━━━━━ PROVIDED DATA

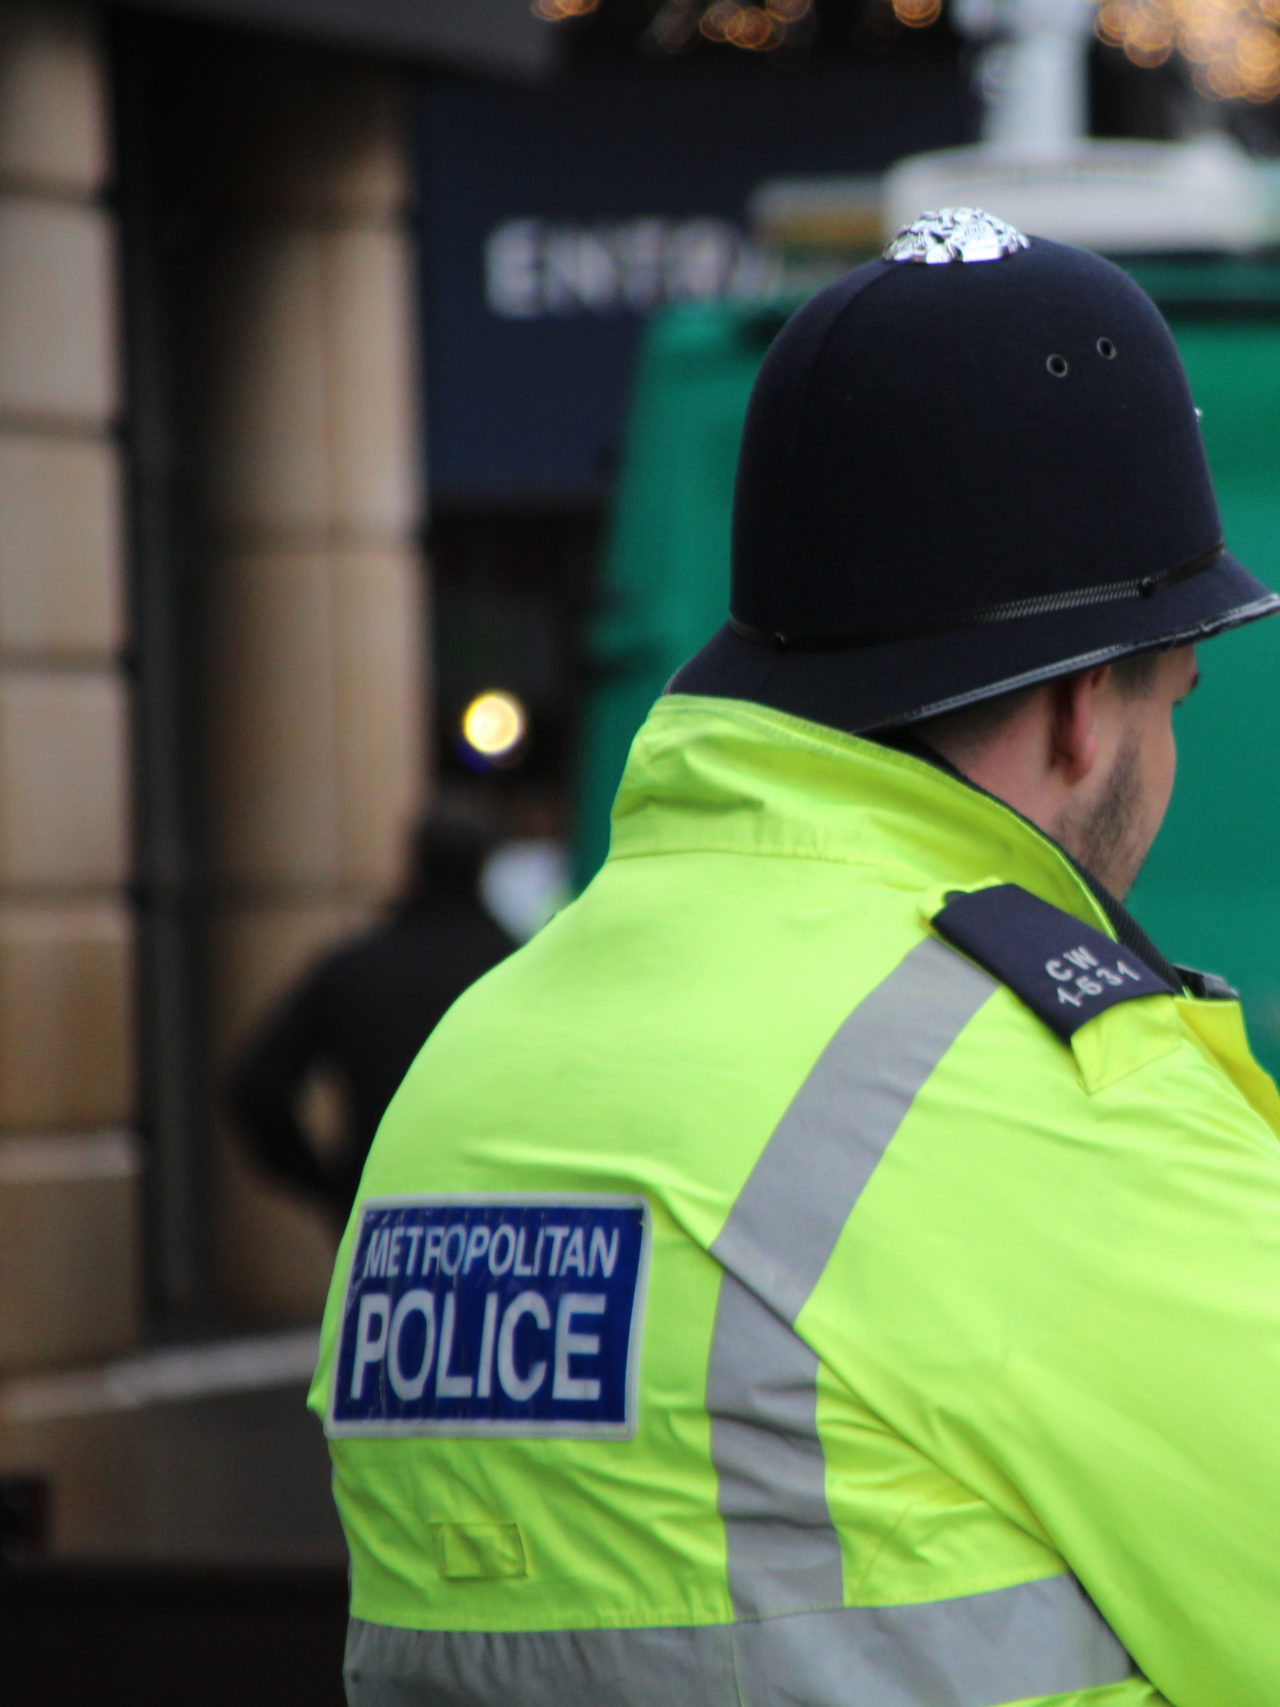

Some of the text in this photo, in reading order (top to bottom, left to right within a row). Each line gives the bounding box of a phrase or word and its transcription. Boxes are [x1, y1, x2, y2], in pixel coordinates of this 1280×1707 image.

[1044, 945, 1099, 982] CW
[365, 1223, 620, 1279] METROPOLITAN
[350, 1289, 606, 1401] POLICE
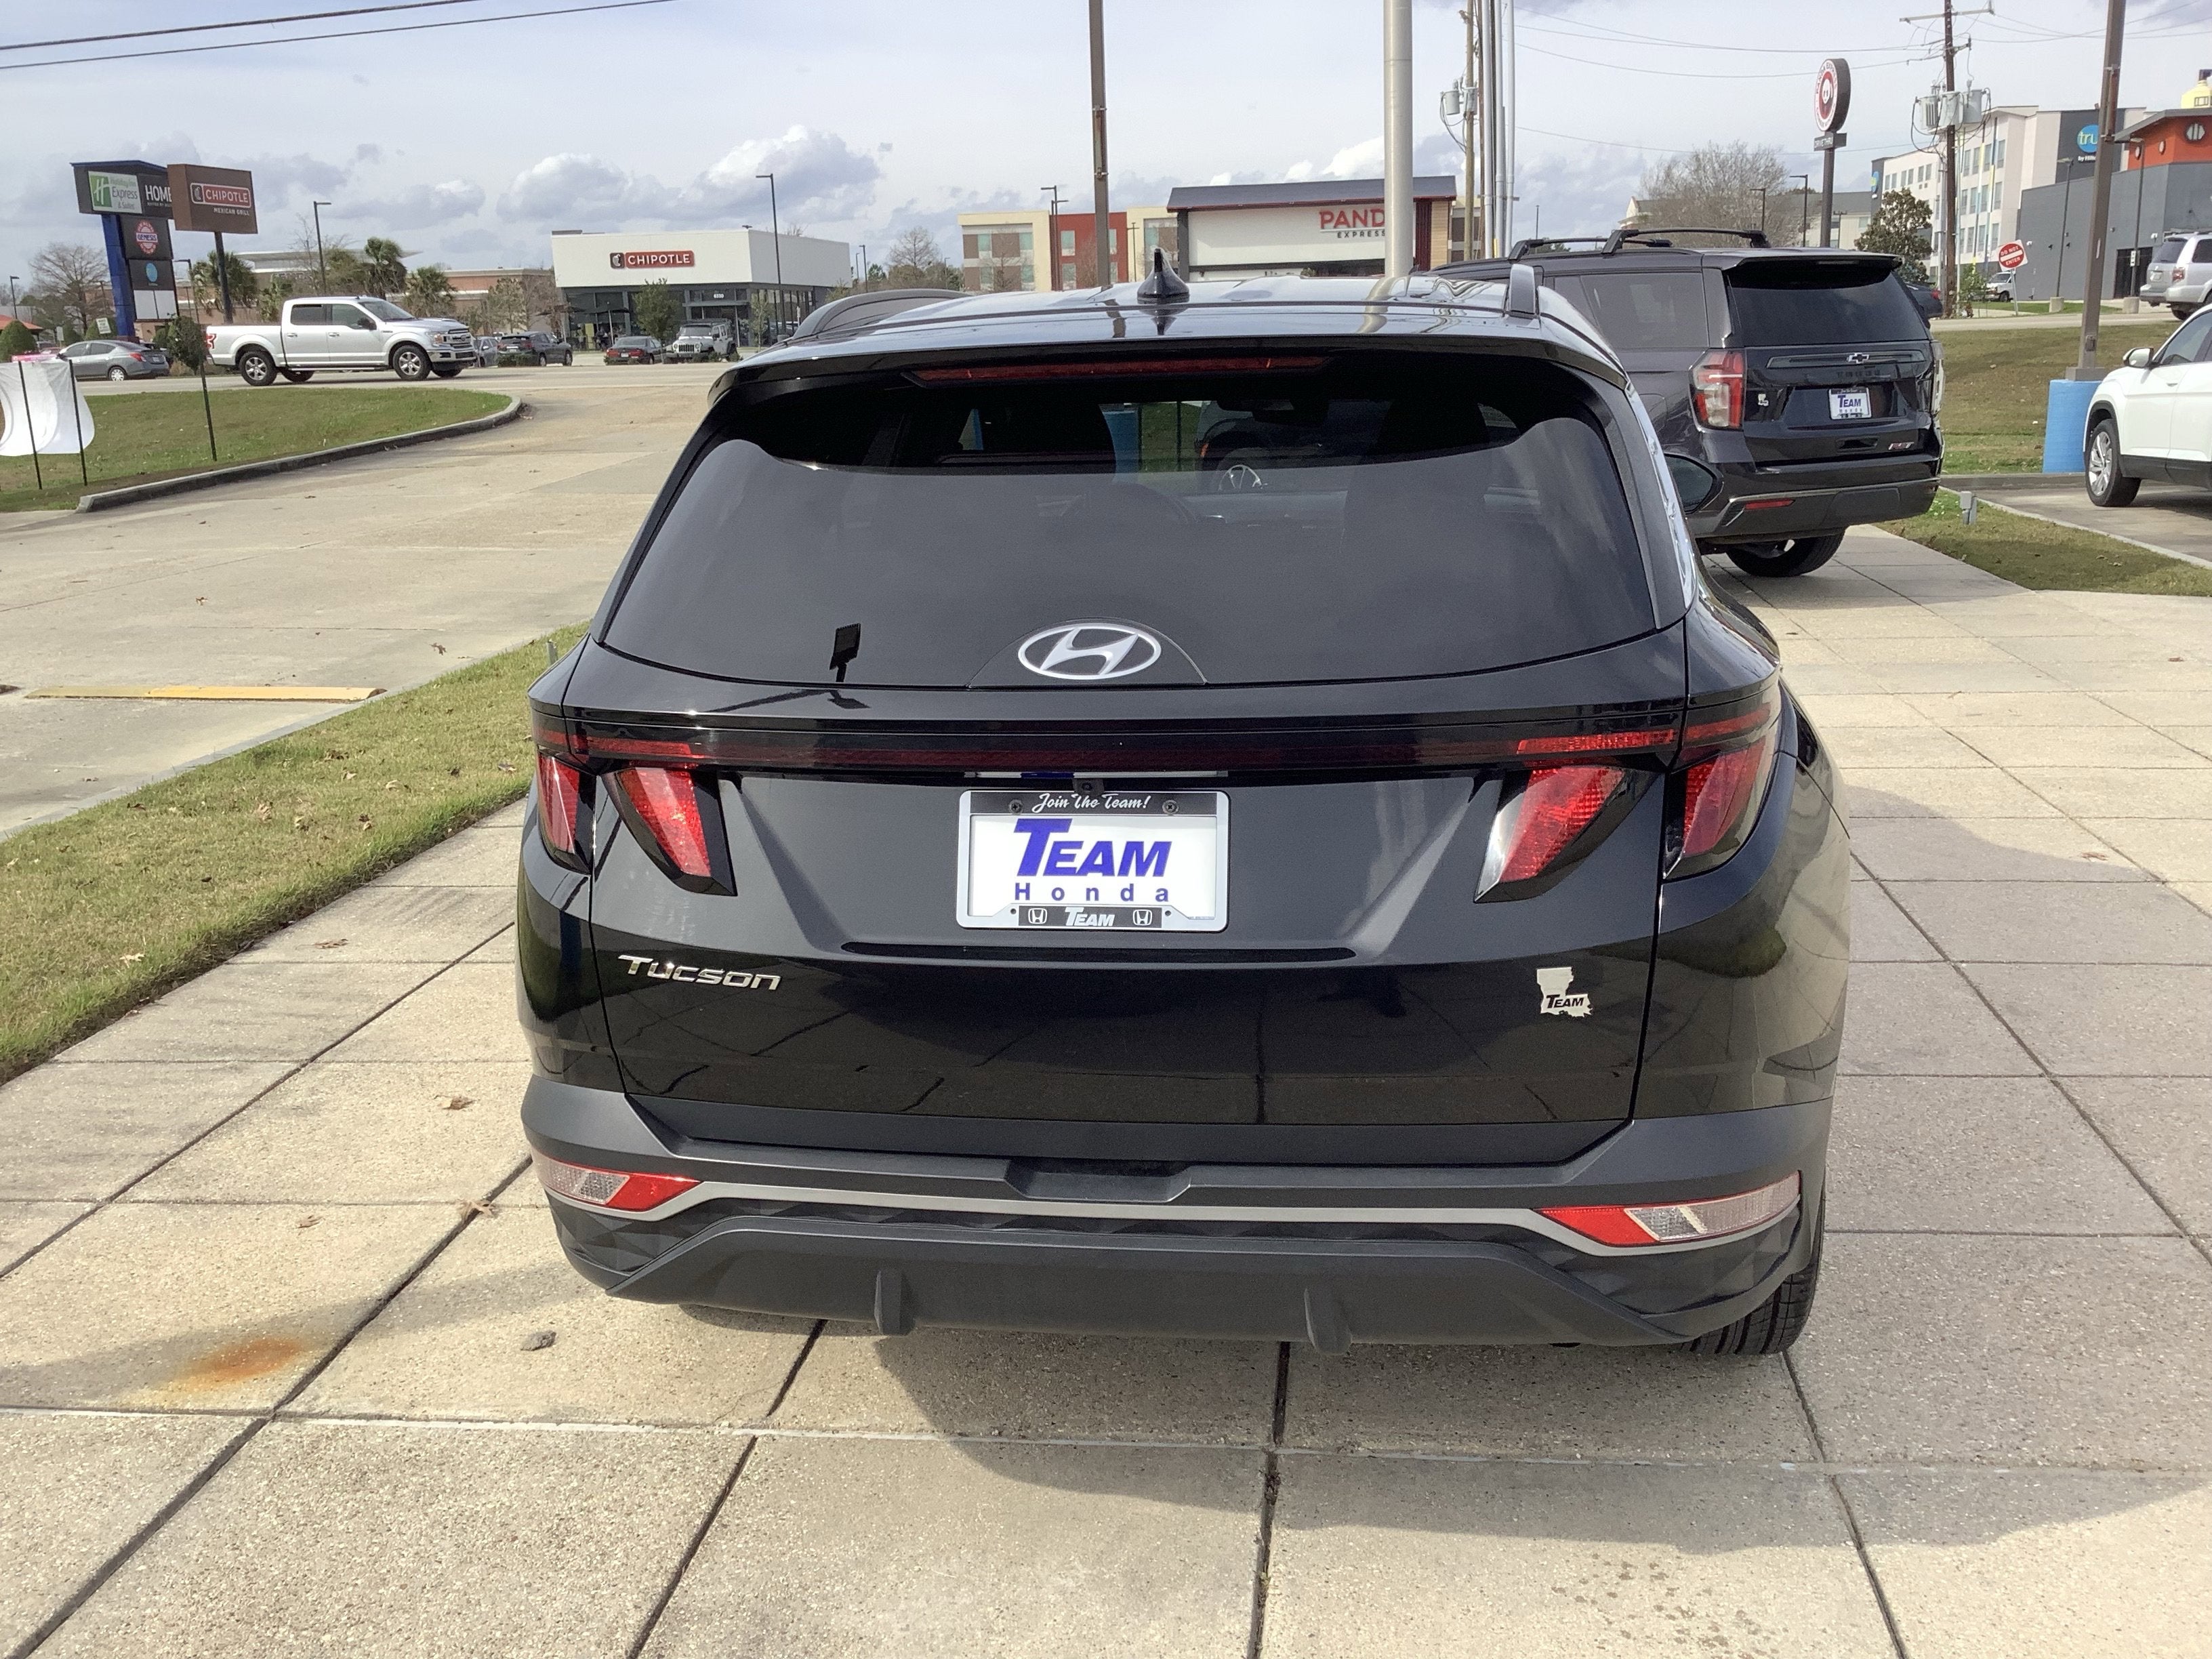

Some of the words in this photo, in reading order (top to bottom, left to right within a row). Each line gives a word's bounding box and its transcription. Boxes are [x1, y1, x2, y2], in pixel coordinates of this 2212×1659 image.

[112, 186, 138, 201] Express
[205, 189, 249, 203] CHIPOTLE
[1319, 209, 1385, 229] PAND
[1337, 229, 1385, 238] EXPRESS
[628, 254, 691, 264] CHIPOTLE
[2006, 257, 2021, 266] ENTER
[1838, 395, 1861, 407] TEAM
[1031, 793, 1069, 813] Join
[1101, 794, 1151, 809] Team!
[1013, 818, 1172, 877] TEAM
[1015, 882, 1169, 902] Honda
[1065, 907, 1115, 926] TEAM
[1546, 994, 1584, 1008] TEAM

━━━━━━━━━━

EXERCISE REQUIREMENTS:
An exact copy of every entry, minus the pictures, is what you should return.

ANSWER TO THIS TASK:
Some of the text in this photo, in reading order (top to bottom, left to right within a row). Each line gives the bounding box of a phrase or word and its transcription. Boxes are [x1, y1, x2, y2], in pixel coordinates of this 1280×1707 image.

[1044, 945, 1099, 982] CW
[365, 1223, 620, 1279] METROPOLITAN
[350, 1289, 606, 1401] POLICE

Some of the words in this photo, in reading order (top to bottom, left to right within a row). Each line gives a word's bounding box and its transcription. Boxes are [x1, y1, x2, y2], in pixel coordinates of this 2212×1659 image.

[112, 186, 138, 201] Express
[205, 189, 249, 203] CHIPOTLE
[1319, 209, 1385, 229] PAND
[1337, 229, 1385, 238] EXPRESS
[628, 254, 691, 264] CHIPOTLE
[2006, 257, 2021, 266] ENTER
[1838, 395, 1861, 407] TEAM
[1031, 793, 1069, 813] Join
[1101, 794, 1151, 809] Team!
[1013, 818, 1172, 877] TEAM
[1015, 882, 1169, 902] Honda
[1065, 907, 1115, 926] TEAM
[1546, 994, 1584, 1008] TEAM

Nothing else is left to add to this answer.